Unsupervised Pronoun Resolution
Research with Andy Kehler and Lara Taylor
Most data driven pronoun resolution techniques rely on labeled data for training. Recently,
there has been some work showing that unlabeled data can be used to train these pronoun/antecedent
models. Using a large corpus of text, unambiguous pronouns are identified and used to bootstrap
a model. Using this model, new pronouns are labeled and the process is continued until convergence.
The advantage of these unsupervised methods is that they have much larger data sets available than
for supervised. We are investigating an expanded set of features for pronoun resolution that
leverage this increased amount of data.
Binarizing Translation Rules
Research with Kevin Knight and Daniel Marcu at ISI
Recent translation models for statistical machine translation
involve syntactically motivated translation rules
(Galley et. al).
Empirically and qualitatively this type of translation approach
seems to be a good way to integrate syntax into the translation
process while still maintaining many of the advantages of current
state of the art phrase based systems. Decoding with these rules
is similar to parsing with additional complications. CKY style, bottom
up type parsing methods appear to be a good approach for this model.

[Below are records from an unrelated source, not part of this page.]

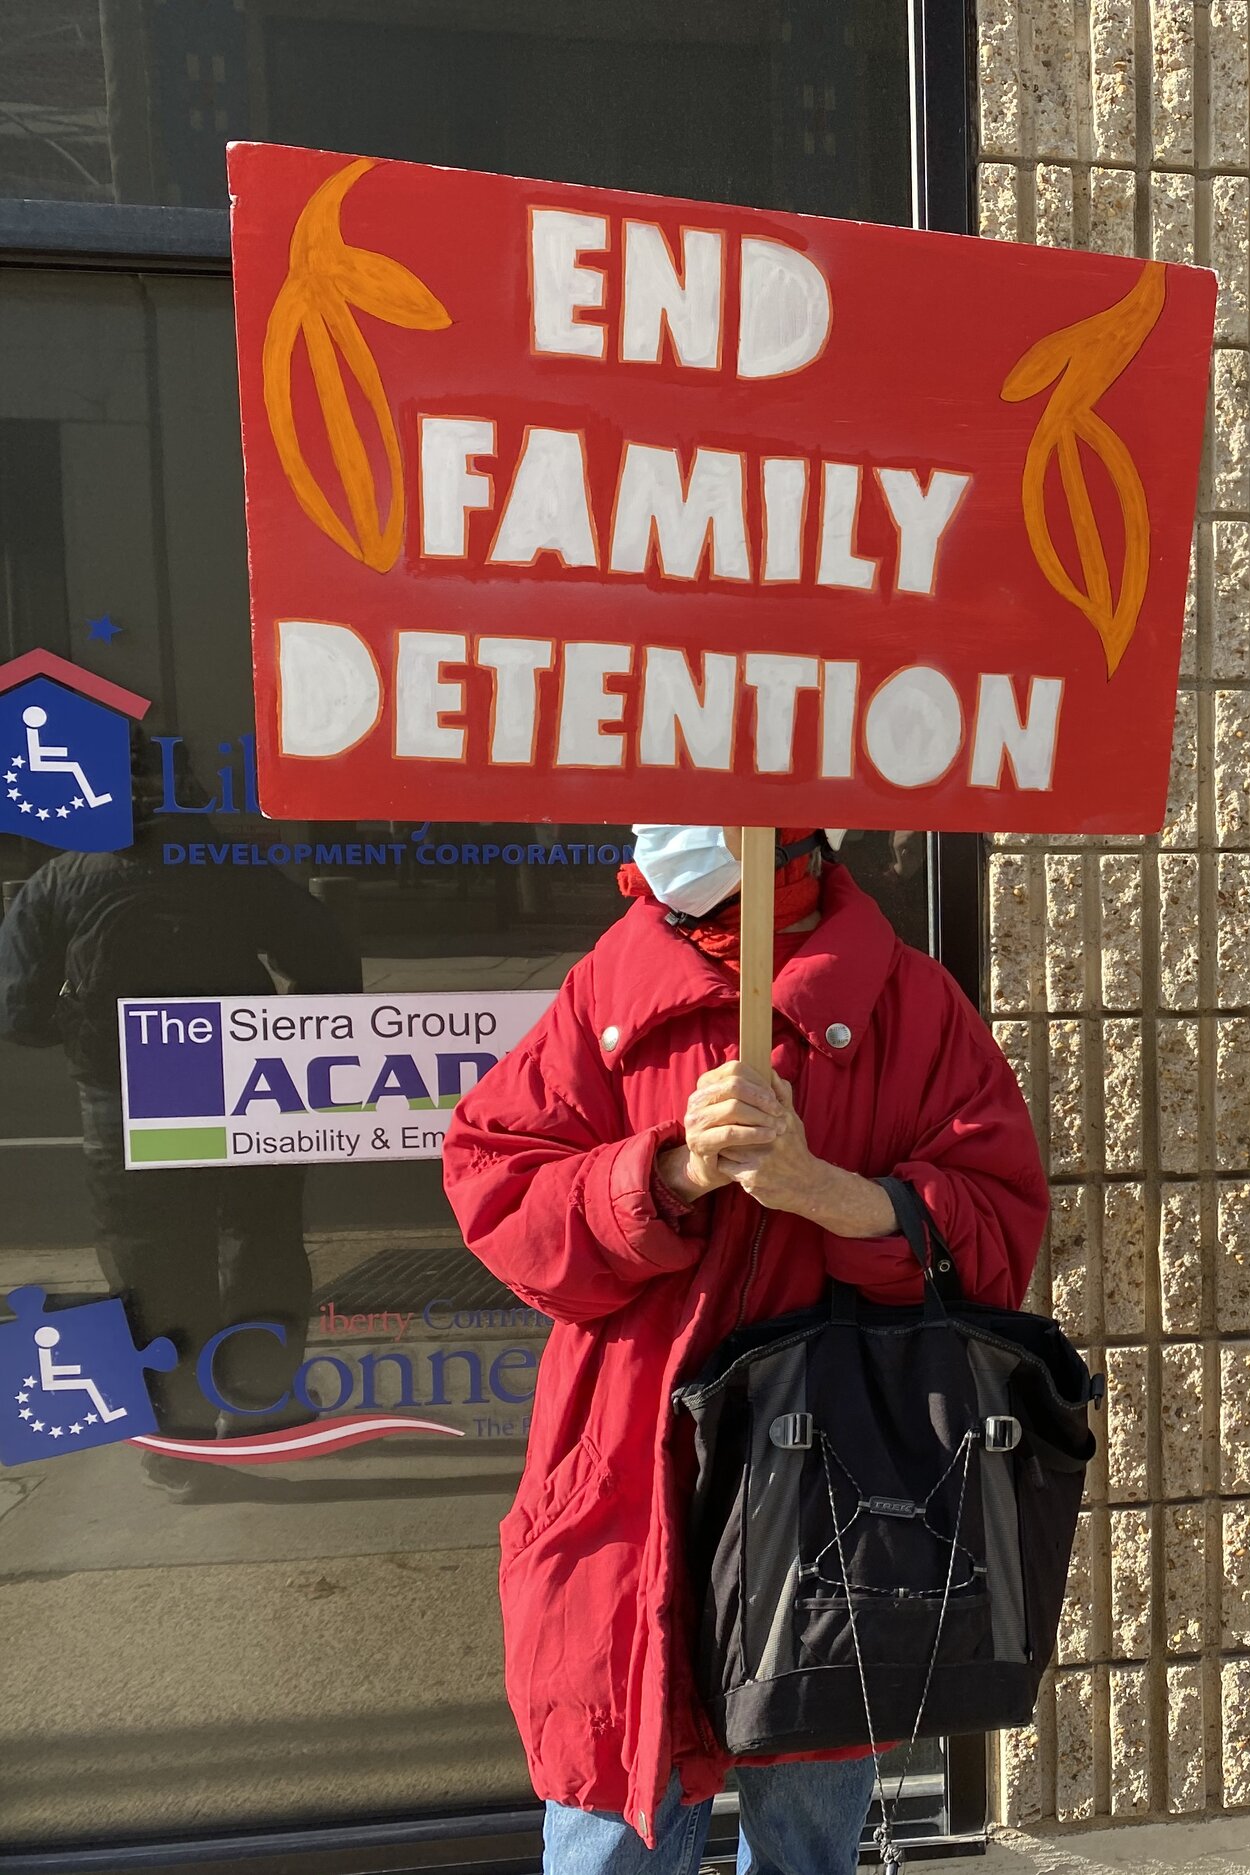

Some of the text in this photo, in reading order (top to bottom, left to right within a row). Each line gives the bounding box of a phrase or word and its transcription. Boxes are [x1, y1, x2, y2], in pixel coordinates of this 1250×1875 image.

[529, 206, 832, 380] END
[417, 414, 972, 596] FAMILY
[275, 619, 1065, 792] DETENTION
[163, 843, 407, 865] DEVELOPMENT
[128, 1005, 497, 1045] The Sierra Group
[230, 1052, 510, 1116] ACAD
[232, 1128, 361, 1157] Disability
[370, 1127, 391, 1150] &

One of the complications for many bottom up algorithms is that the grammar
must be binary (i.e. at most two elements on the right hand side). Binarization
of PCFG rules is fairly straightforward. Binarization for translation rules is an
interesting area of research since the rules are more complicated (i.e. left hand side
consists of a tree, not just a non-terminal) and because other models are used during decoding
such as the language models. The binarization process can be biased so that partial hypothesis
and future cost estimation are more accurate.
Hierarchical Clustering with Bregman Distances
Research with Sanjoy Dasgupta and Anjum Gupta
In 2003, we introduced an iterative hierarchical clustering method. The problem with previous
approaches is that they are greedy. Once a decision is made in constructing the hierarchy,
this decision can never be undone. The iterative approach we presented searches the space of
hierarchical clusterings and therefore does not have that problem.
The iterative approach attempts to minimize a criterion function based on the current
clustering. In our initial paper, we used a squared Euclidean cost function similar to that of
K-means. Euclidean distance is just one of a family of distance metrics called Bregman
distances. We are examining how these distances can be integrated with our iterative method.
The hope is that these new distance metrics will fit more naturally for a variety of different
data sets where Euclidean distance is not appropriate.
Previous (Unpublished) Projects
Searching Research Papers
Research with Vibhu Mittal at Google
Information retrieval of research papers provides a number of interesting problems that are
different than traditional information retrieval. First, extracting information from non-text
files is non-trivial and information such as authors, titles and references must be extracted
from research articles before further processing. This can be difficult due to the wide
variation of formatting and conventions. Once this information has been extracted, the
citation graph of research papers provides a very interesting search structure that is much
more reliable than traditional web link structure.
Reinforcement Learning for Traffic Navigation
Preliminary paper available
In this paper we examine reinforcement learning problems which consist of a set of homogeneous
entities. These problems tend to have extremely large state spaces making standard approaches
unattractive. We study lane change selection in a car traffic control problem as an example of
such a problem. We show how a single agent problem can be translated into an approximating
multi-agent problem. We provide learning results in a traffic simulator using this multi-agent
approximation with Q-learning and R-learning. Learning in the multi-agent problem proceeds
quickly and outperforms heuristic methods. Experimental results show that learned methods
perform better than heuristic methods as traffic densities increase towards rush hour
conditions. We summarize the translation method used from a single agent problem to a related
multi-agent problem for car traffic control and propose this as a starting place for related
Vision Techniques for Audio Processing
Preliminary paper available
In this paper we discuss the problem of audio retrieval. We examine artist
recognition/retrieval as a problem instead of the
traditional genre classification. This problem has the motivating benefit that there is a
known, uncontroversial ground truth. Second, and more importantly, we suggest borrowing
research from the image retrieval community. We provide results from one image retrieval
technique ported over to audio retrieval. This technique consists of taking the discrete
wavelet transform of the audio, histogramming the results and using statistical histogram
comparison metrics to compare similarity. The results are not outstanding, but we do show that
this sort of research can be done fairly easily and productively.
Dynamic Resource Allocation in Heterogeneous Computing Environments
The increasing power of modern personal computers is making clusters, which are built up from
desktop components increasingly popular. However, these clusters do have their drawbacks.
When clusters are updated, the whole cluster may not be upgraded all at once. This will lead
to an environment where there are some nodes that are faster than others. This irregular
environment can occur more simply in the case where jobs are running on some of the nodes.
These nodes will tend to run slower than the free nodes. There are a number of problems such
as RedBlack3D that have highly regular rectangular partitioning schemes. Unfortunately, if
these static partitions are used in the environment just described, idle waiting can occur when
faster nodes have that have finished their iteration early and are stuck waiting at a
synchronization point for slower processors to finish. We investigate a load balancer that can
adaptively tailor per-node workloads to node speed to help reduce this inefficiency.